◆ Data shown ◆
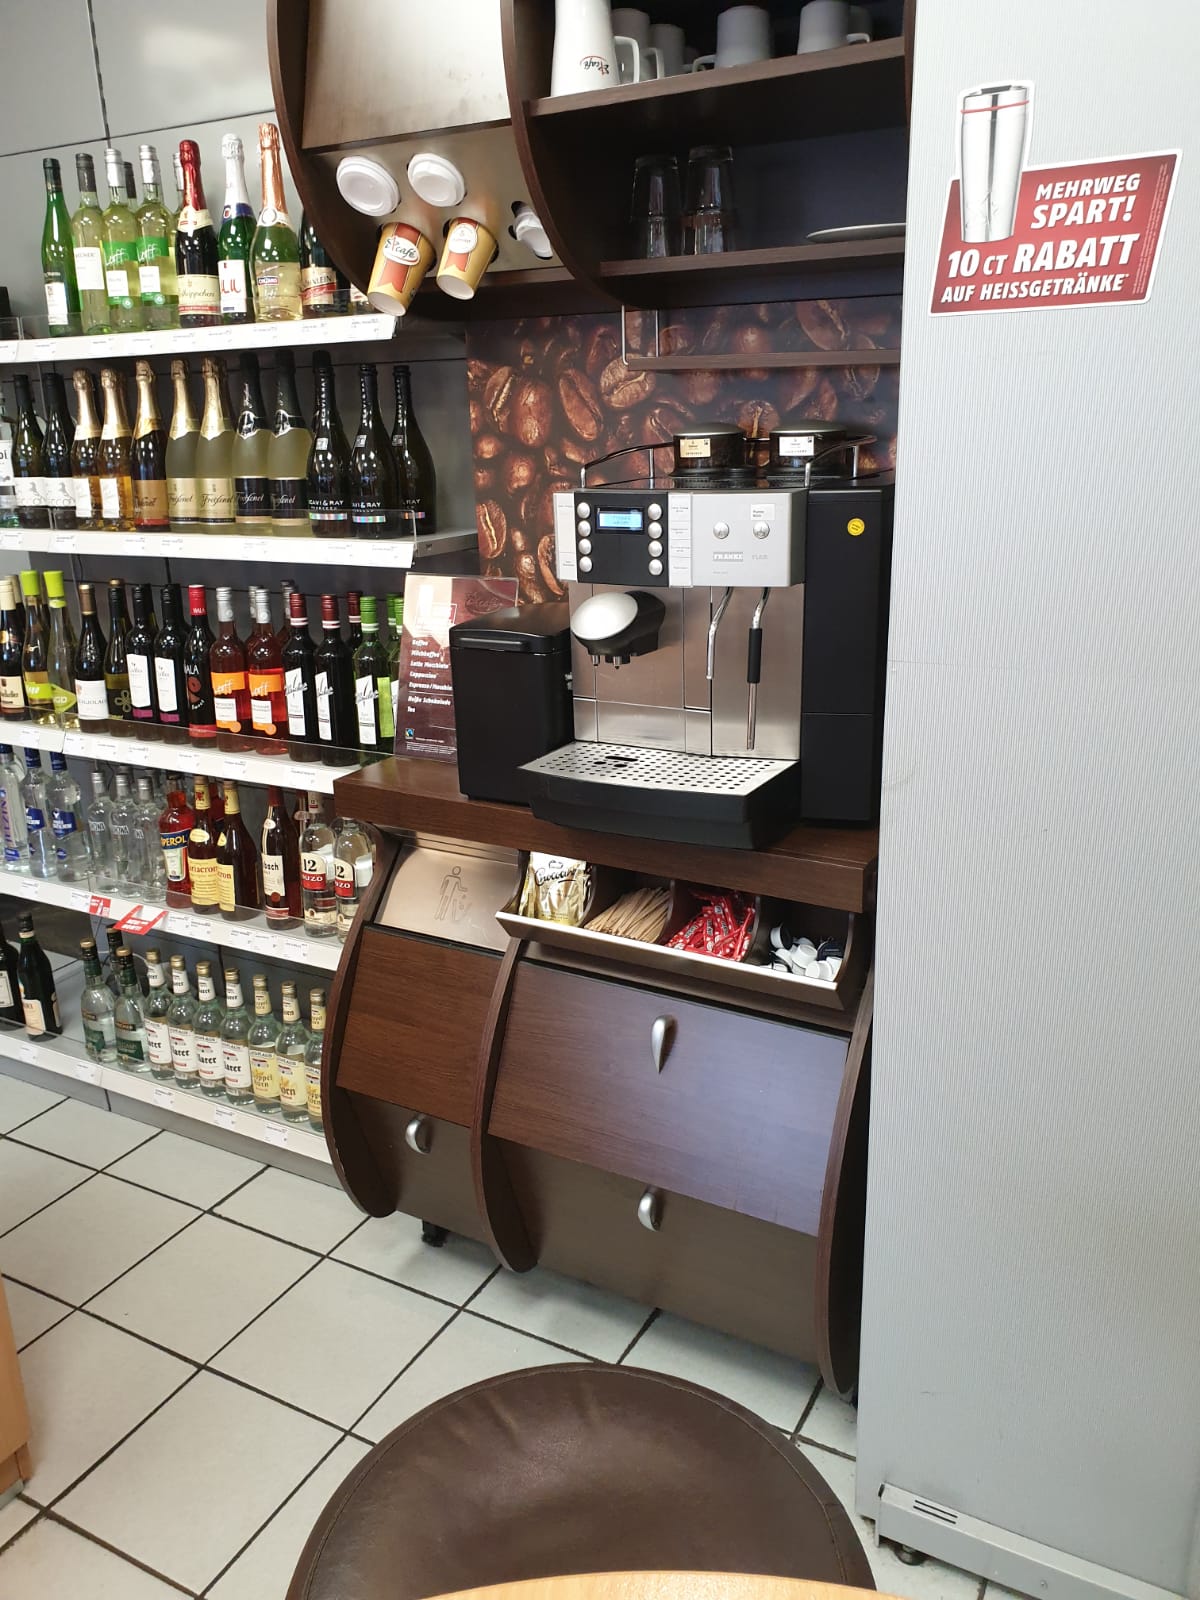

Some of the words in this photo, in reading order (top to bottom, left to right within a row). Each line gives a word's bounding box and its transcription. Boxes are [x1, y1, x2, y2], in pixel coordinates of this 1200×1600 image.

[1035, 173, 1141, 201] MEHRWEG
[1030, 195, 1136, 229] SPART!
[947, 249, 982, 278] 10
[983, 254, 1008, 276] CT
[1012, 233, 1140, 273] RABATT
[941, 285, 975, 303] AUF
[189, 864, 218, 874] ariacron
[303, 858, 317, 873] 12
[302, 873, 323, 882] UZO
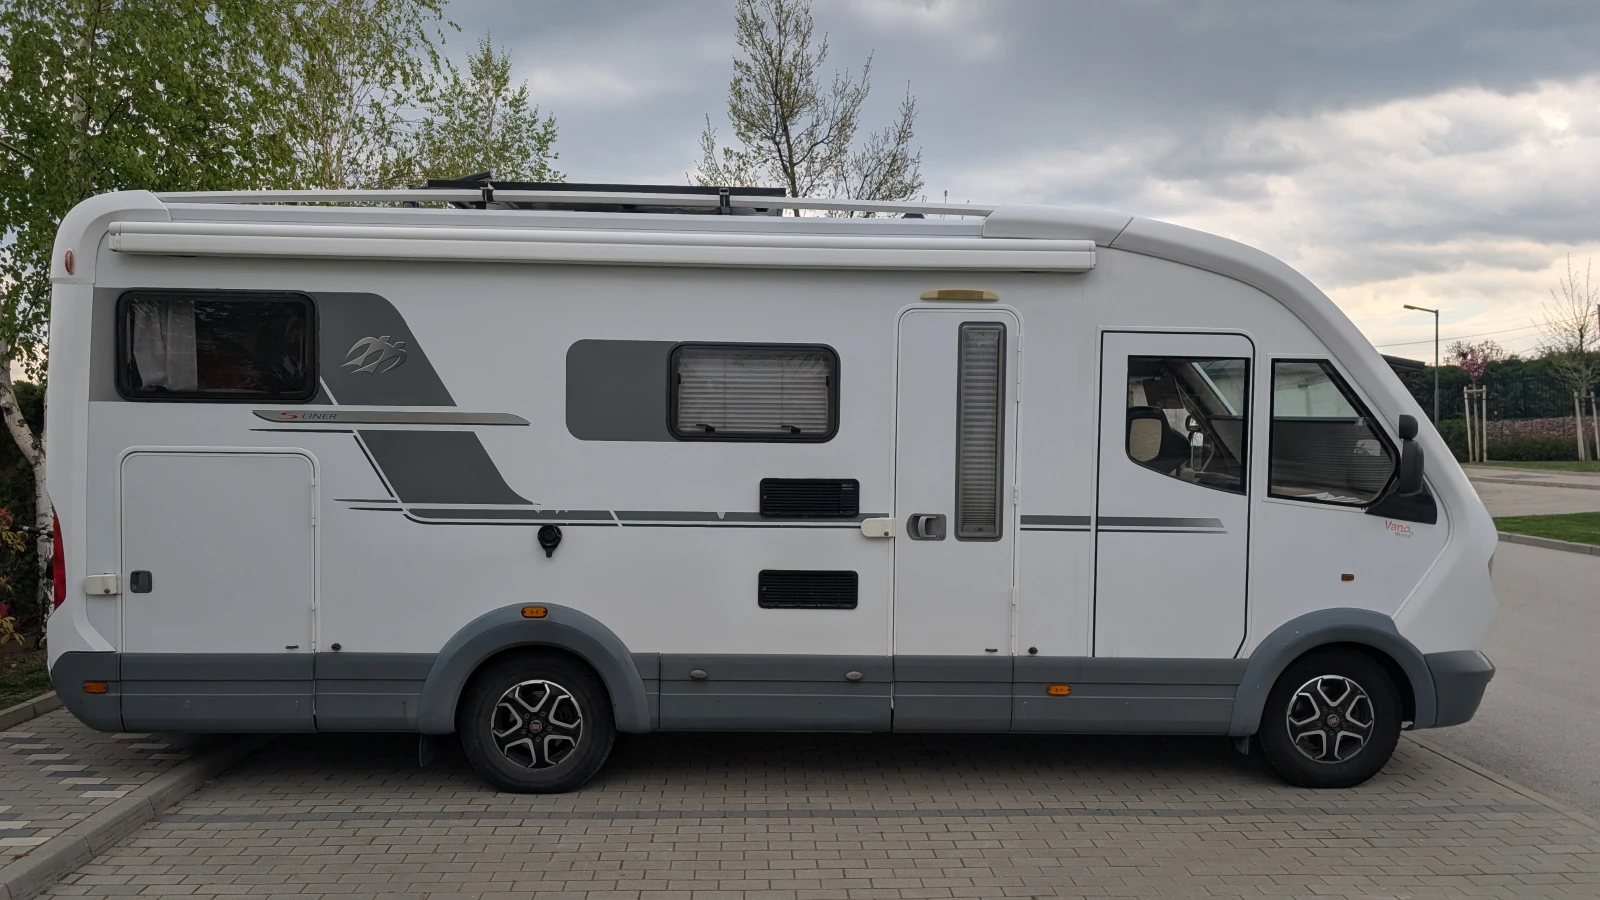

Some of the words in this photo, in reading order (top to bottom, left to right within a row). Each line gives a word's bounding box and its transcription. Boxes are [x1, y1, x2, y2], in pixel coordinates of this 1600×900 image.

◆ Task to complete ◆
In your copy, include every record word for word but no pictures.

◆ Output ◆
Some of the words in this photo, in reading order (top to bottom, left to right within a row). Each line gives a word's bounding box and its transcription. Boxes are [x1, y1, x2, y2], in pixel coordinates of this 1200×1600 image.

[1035, 173, 1141, 201] MEHRWEG
[1030, 195, 1136, 229] SPART!
[947, 249, 982, 278] 10
[983, 254, 1008, 276] CT
[1012, 233, 1140, 273] RABATT
[941, 285, 975, 303] AUF
[189, 864, 218, 874] ariacron
[303, 858, 317, 873] 12
[302, 873, 323, 882] UZO

Some of the words in this photo, in reading order (top to bottom, left to right within a row). Each line gives a word's bounding box and its transcription. Boxes are [x1, y1, x2, y2], in pixel coordinates of this 1600×900 image.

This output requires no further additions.